Esvaziado e dominado por interesses políticos, o Minicom não reage contra tudo isso nem demonstra o menor interesse em defender a agência ou fazer valer sua autoridade administrativa.

Projeto de poder

A Nova Telebrás é hoje o mais ousado projeto de poder e de aparelhamento do Estado, para não dizer futuro cabidão de empregos. E, mesmo antes de começar a funcionar, essa estatal já esvazia a agência reguladora da maioria de seus bons profissionais.

Os interesses político-partidários de um ano eleitoral fazem o governo Lula mudar radicalmente as regras de encaminhamento e discussão dos grandes projetos de telecomunicações, de que é exemplo a elaboração quase secreta do Plano Nacional de Banda Larga.

Decisões e iniciativas que antes cabiam ao Ministério das Comunicações e à Anatel são tomadas hoje por outros ministérios, como o da Casa Civil e do Planejamento, ou até por assessores do presidente da República. Na prática, Rogerio Santanna tem mais força política do que o ministro das Comunicações.
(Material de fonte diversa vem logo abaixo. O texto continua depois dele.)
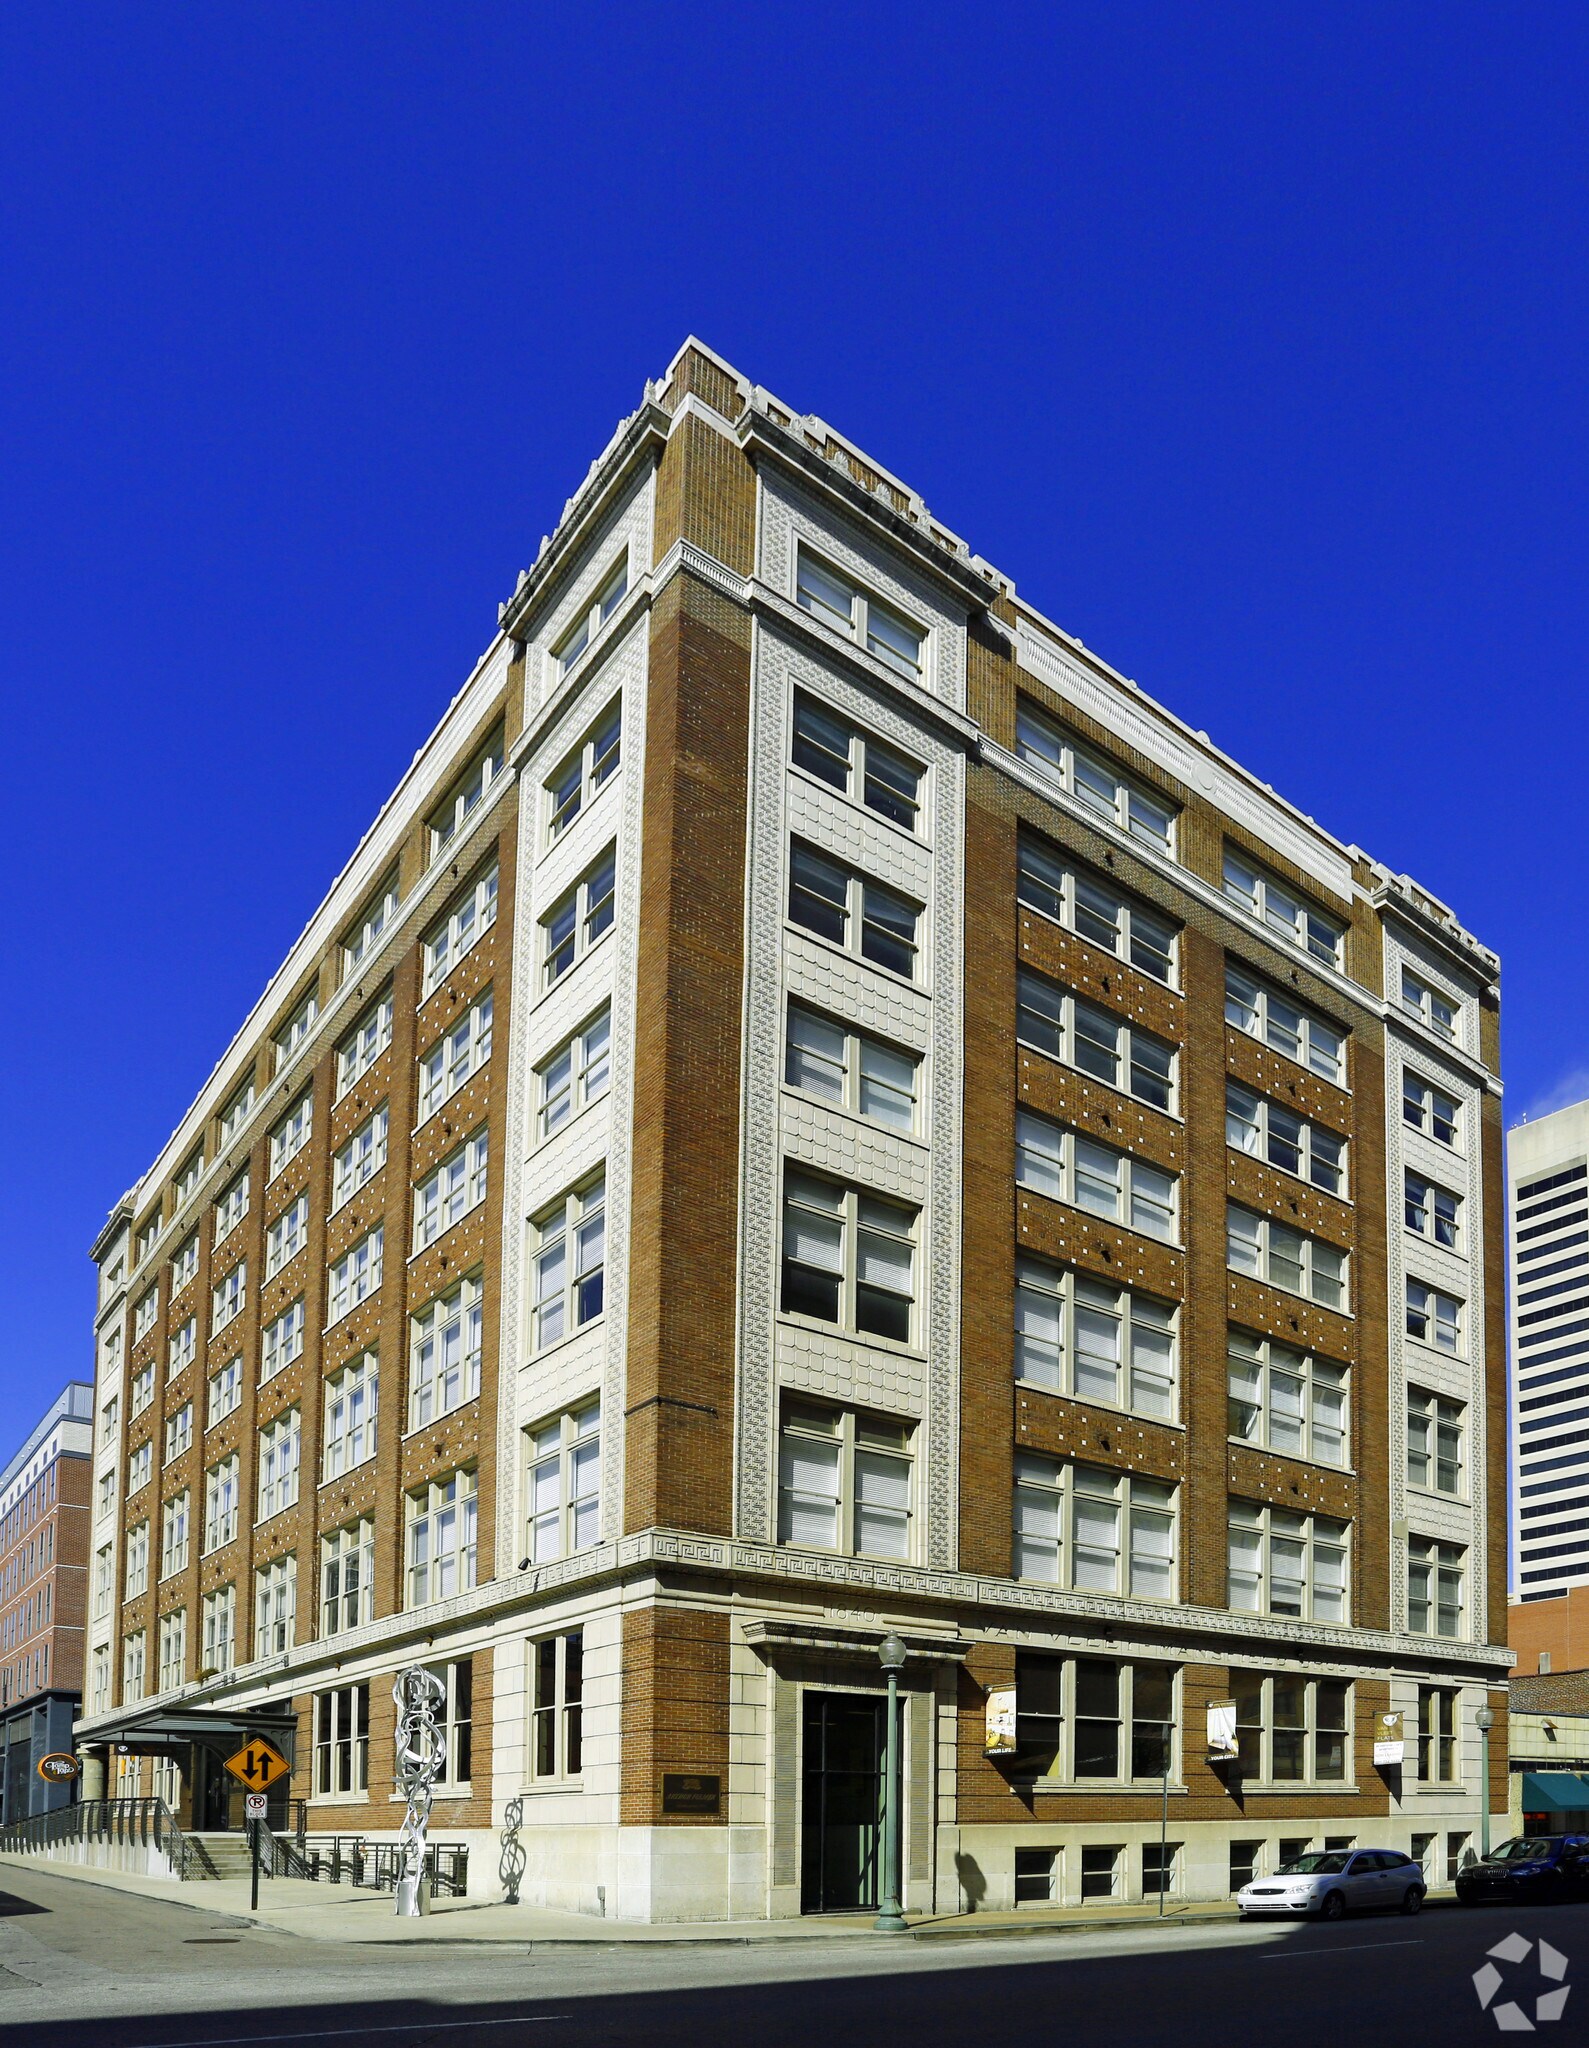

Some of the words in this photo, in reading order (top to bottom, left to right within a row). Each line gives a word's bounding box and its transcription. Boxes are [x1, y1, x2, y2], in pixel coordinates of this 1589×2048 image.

[829, 1602, 876, 1623] 1840
[976, 1620, 1031, 1641] VAN
[1298, 1654, 1348, 1672] DRUG
E, na visão do grupo petista que comanda as mudanças, quanto menor for a capacidade de atuação da Anatel, mais problemas surgirão no setor de telecomunicações. Para esse grupo, quanto pior, melhor. O que lhe interessa é exatamente isso: torpedear a agência reguladora para desmoralizar o novo modelo institucional das telecomunicações e provar à opinião pública que a privatização “fracassou e não deu certo”. E, assim, justificar o avanço do projeto estatal.

A guerra

Lula tem feito tudo que pode para esvaziar as agências reguladoras. Chegou a dizer que elas foram criadas para “terceirizar o governo”. E tentou mudar as funções desses órgãos reguladores, enviando ao Congresso um projeto de lei, o da Lei das Agências, que nunca chegou a ser votado, por falta de consenso.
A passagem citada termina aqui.